What did you like about the book?:
I liked the fact that the setting was fairly familiar. As mentioned, I live in Calgary and the book is set mostly in that part of Alberta. I liked the fact that the main character was a musician, so it was easy for me to relate to her that way. I liked the fact that characters didn’t seem to be black-and-white in many of their views, and that  bisexuality was portrayed in a respectable way. I have serious issues with sexuality being seen mainly as gay or straight and the concept of bisexuality as really being one or the other but unwilling to admit it.

I liked the fact that there wasn’t a ton of canoodling. If there was sex, it was happening somewhere off-screen. It’s not that I don’t like sex in my books, it’s just that we’ve already seen my issues with Romance vs Urban Fantasy.

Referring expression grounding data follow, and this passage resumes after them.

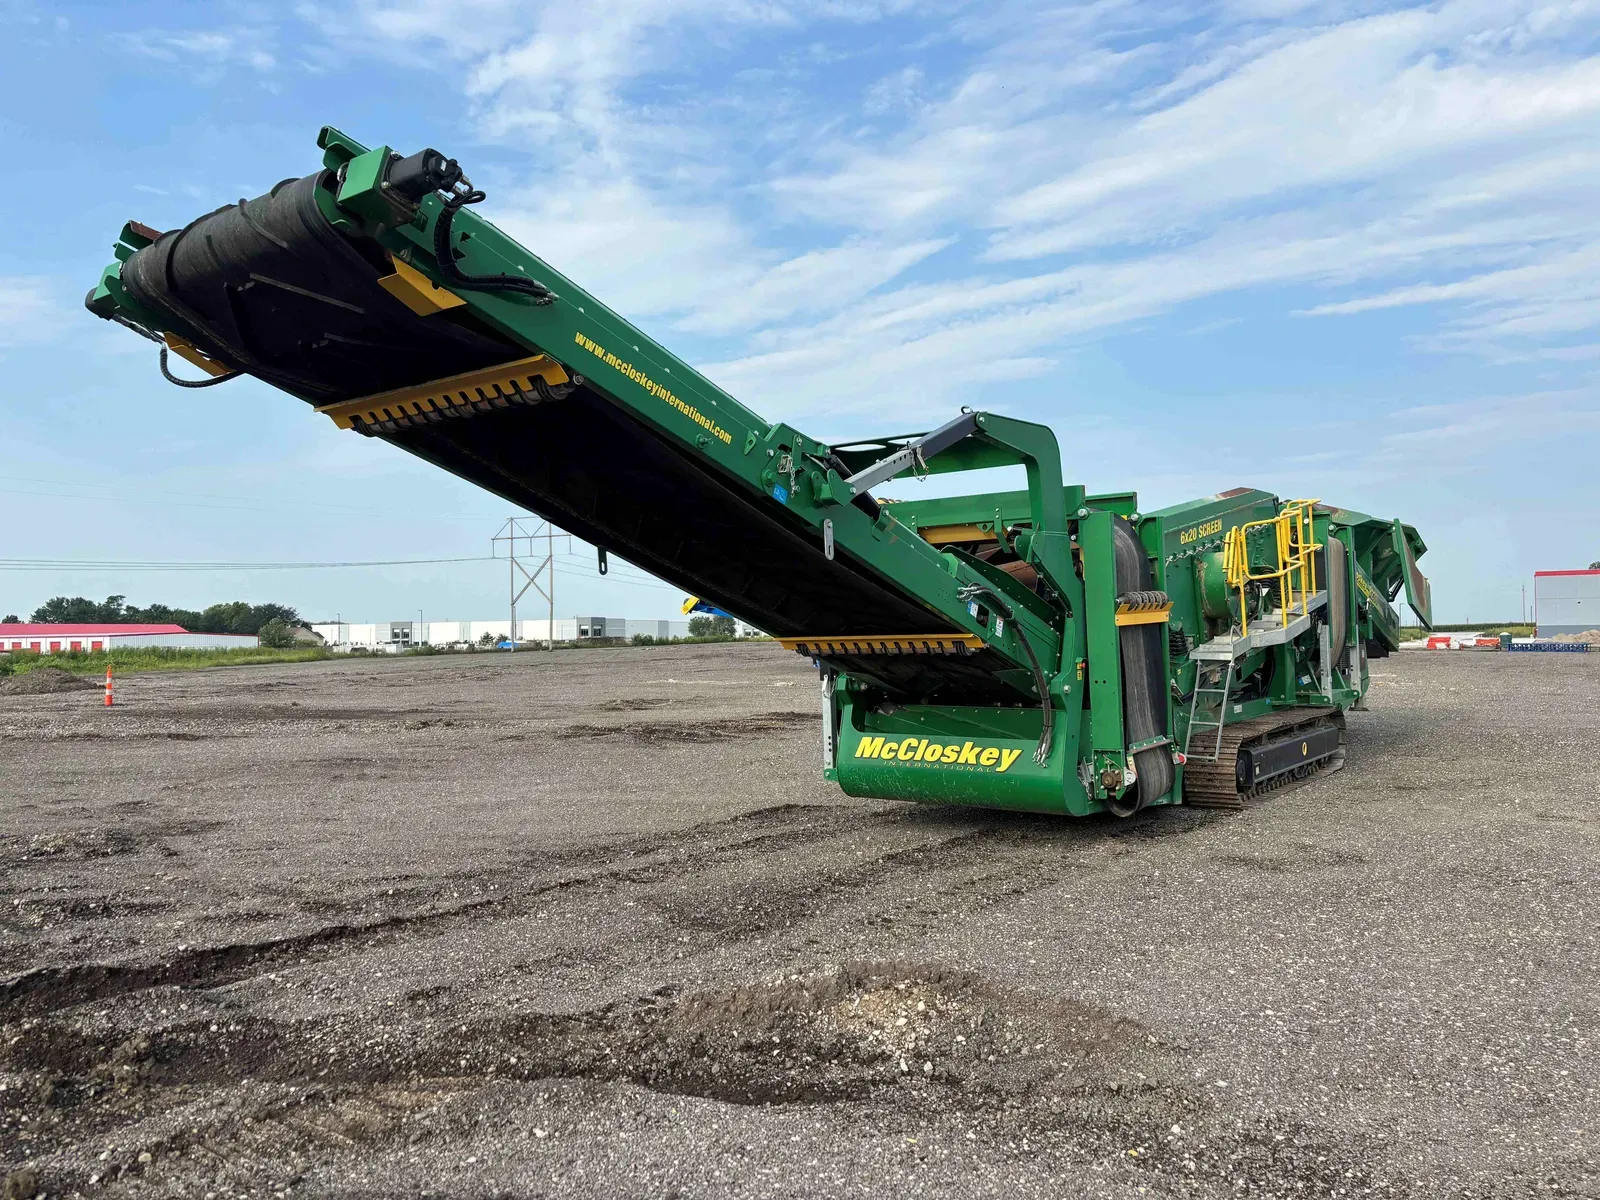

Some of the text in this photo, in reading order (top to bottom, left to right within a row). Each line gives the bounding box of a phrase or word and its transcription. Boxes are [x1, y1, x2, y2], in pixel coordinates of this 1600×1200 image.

[574, 331, 733, 445] www.mccloskeyinternational.com
[1180, 518, 1223, 545] 6x20 SCREEN
[854, 736, 1024, 773] McCloskey
[883, 760, 993, 773] INTERNATIONAL
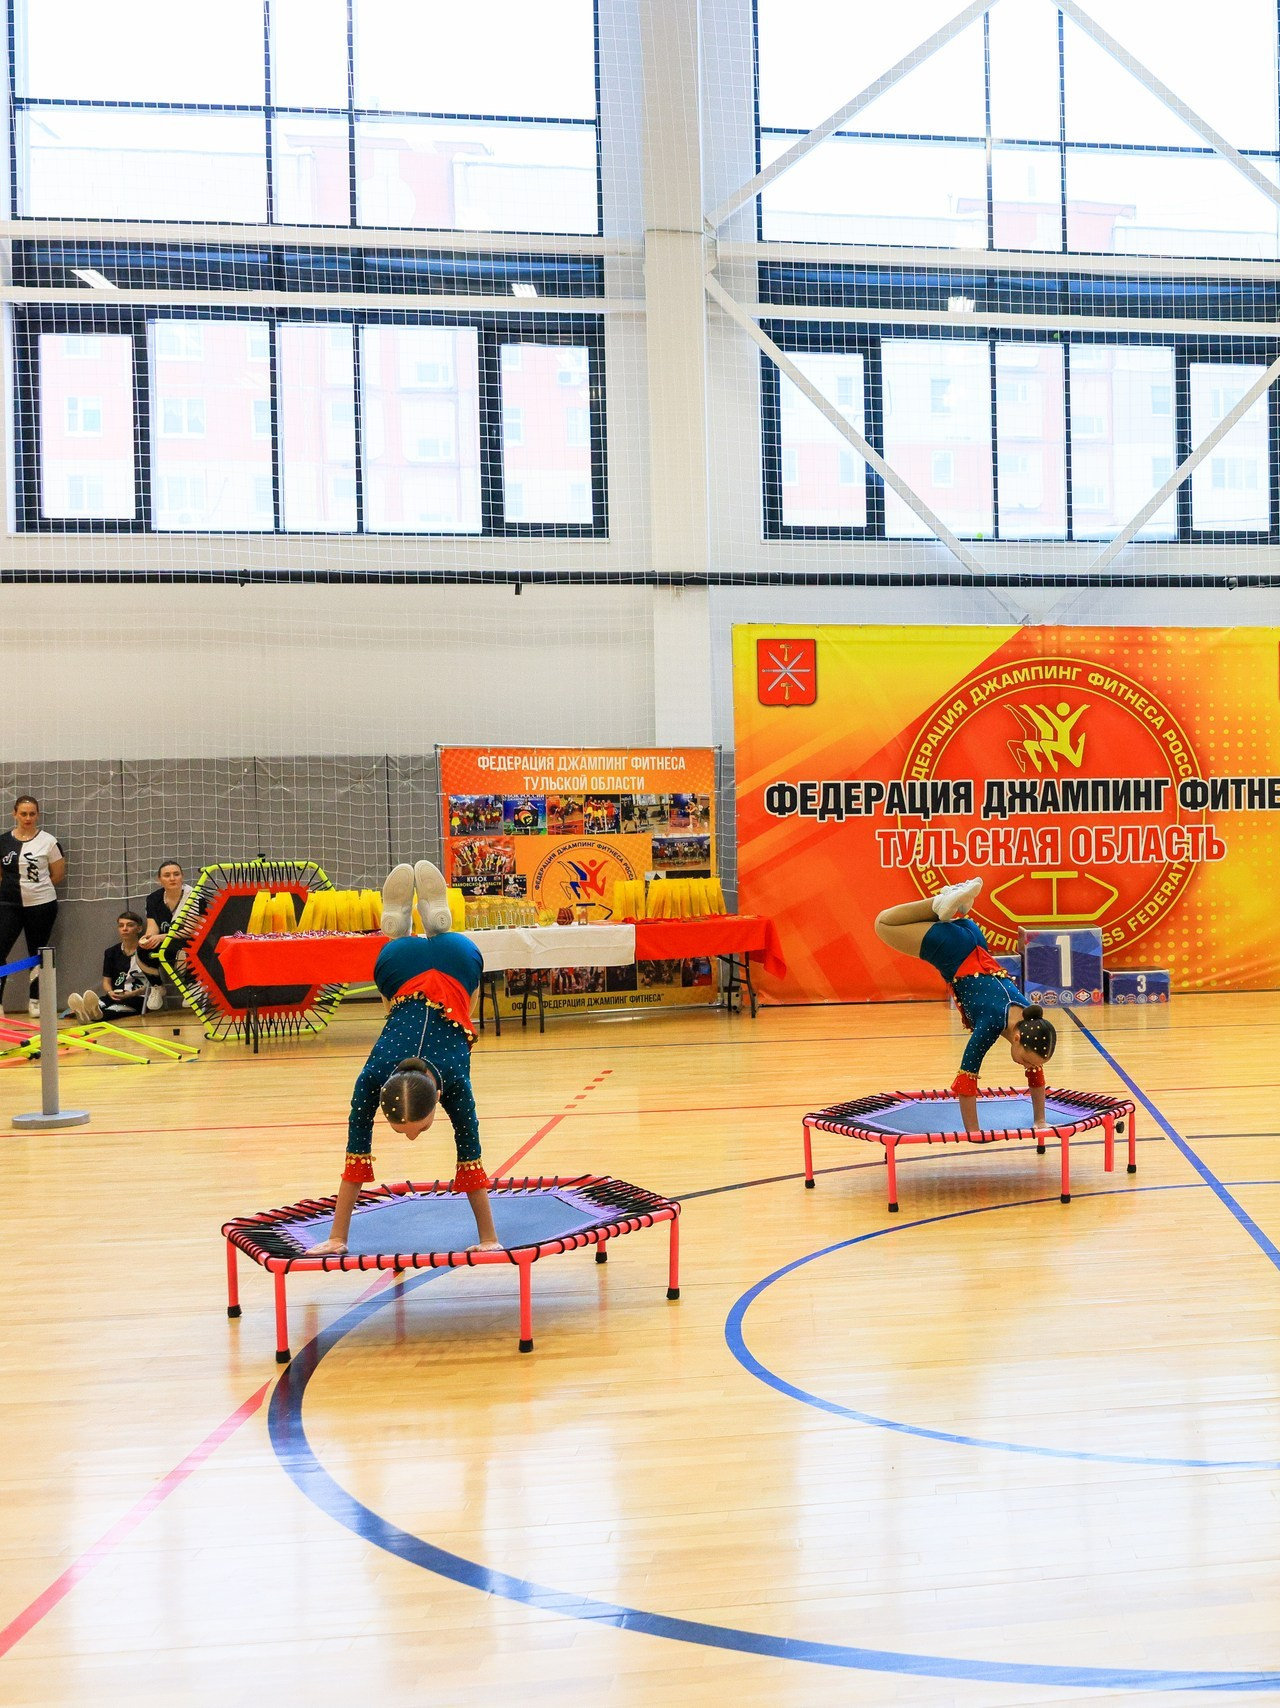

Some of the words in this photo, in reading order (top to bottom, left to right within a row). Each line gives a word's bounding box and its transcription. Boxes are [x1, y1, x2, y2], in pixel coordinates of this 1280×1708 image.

[911, 700, 968, 781] ДЕРАЦИЯ
[969, 665, 1082, 706] ДЖАМПИНГ
[1087, 672, 1165, 731] ФИТНЕСА
[1162, 729, 1194, 779] РОСС
[477, 755, 554, 772] ФЕДЕРАЦИЯ
[557, 755, 628, 772] ДЖАМПИНГ
[631, 755, 686, 771] ФИТНЕСА
[523, 774, 588, 792] ТУЛЬСКОЙ
[590, 776, 645, 791] ОБЛАСТИ
[765, 779, 975, 823] ФЕДЕРАЦИЯ
[981, 778, 1171, 821] ДЖАМПИНГ
[23, 851, 40, 883] JAZZ
[534, 853, 557, 890] ФЕДЕРАЦИЯ
[556, 842, 596, 856] ДЖАМПИНГ
[597, 843, 624, 863] ФИТНЕСА
[623, 862, 634, 880] РОСС
[875, 827, 1061, 868] ТУЛЬСКАЯ
[1069, 824, 1227, 865] ОБЛАСТЬ
[1127, 859, 1187, 932] FEDERAT
[1055, 935, 1073, 987] 1
[587, 995, 628, 1007] ДЖАМПИНГ
[629, 993, 665, 1004] ФИТНЕСА"
[1136, 974, 1147, 993] 3

I liked that the author had a sense of humour. There were quite a few good pop-culture related jokes that I found myself giggling along with. It reminded me of a gentler, slightly-less-snarky Dresden Files in that respect.

The thing I loved? That it was an Urban Fantasy written by a Canadian and actually set in Canada. Perhaps I haven’t yet hit the motherlode of Canadian UF, but I find that my home country is often overlooked in favour of the States. Yes, Chicago, New York and Los Angeles are cool settings, but Forever Knight was shot in Toronto. X-Files filmed in the Vancouver area. There are eldritch places in Canada that need more love and beg to be inhabited by pixies and kobolds. Trust me, I’ve been there!
(There’s a set of waterfalls just outside of Yellowknife that spring to mind, as well as rocky pools on the shores of the Ottawa River. Visit those and tell me you don’t feel goosebumps.)

Last thoughts:
There’s a part of me that is curious as to the content of the first two books in the series. Maybe it would have helped me wrap my brain around what was happening in this novel. Maybe not.

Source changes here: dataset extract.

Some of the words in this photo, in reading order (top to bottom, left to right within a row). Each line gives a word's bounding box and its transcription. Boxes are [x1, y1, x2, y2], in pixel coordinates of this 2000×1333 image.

I was glad to see Urban Fantasy have a spot on the list. UF is a popular subgenre, and it’s really nice to see magic happening in an everyday setting. I just wish that the magic rules the author used had relied less on bloodlines and more on other things.

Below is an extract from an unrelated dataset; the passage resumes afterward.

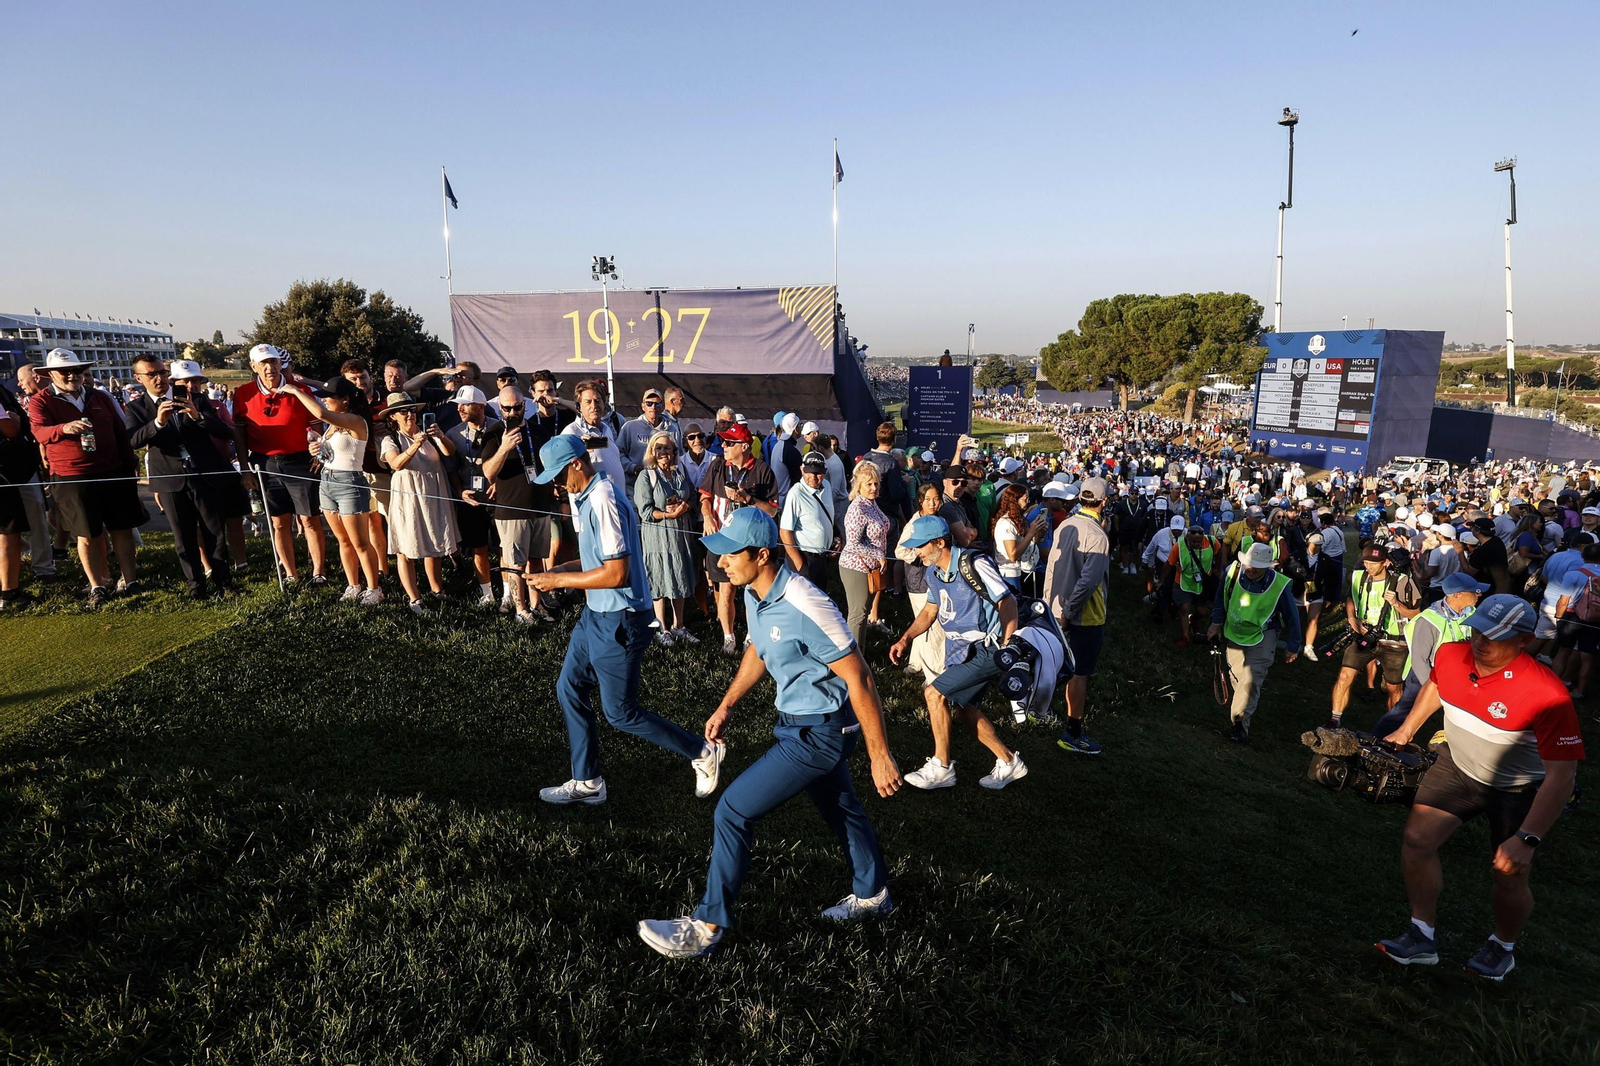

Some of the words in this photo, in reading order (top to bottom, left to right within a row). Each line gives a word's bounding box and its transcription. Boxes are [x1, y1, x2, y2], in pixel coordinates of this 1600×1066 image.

[625, 340, 640, 350] SINCE
[936, 370, 942, 380] 1
[961, 554, 982, 590] EUROPE

So do I think that this book deserves an Aurora? Unfortunately, no. Not at this time. We’ll see what Julie E. Czerneda, Peter Watt and William Gibson have for me.


I received this book free as a part of the Aurora Awards Voter’s Package. The Aurora Awards are Canada’s national awards for best science fiction and fantasy, as voted on by the Canadian Science Fiction and Fantasy Association. Nominees, winners, and CSFFA members must all be Canadian.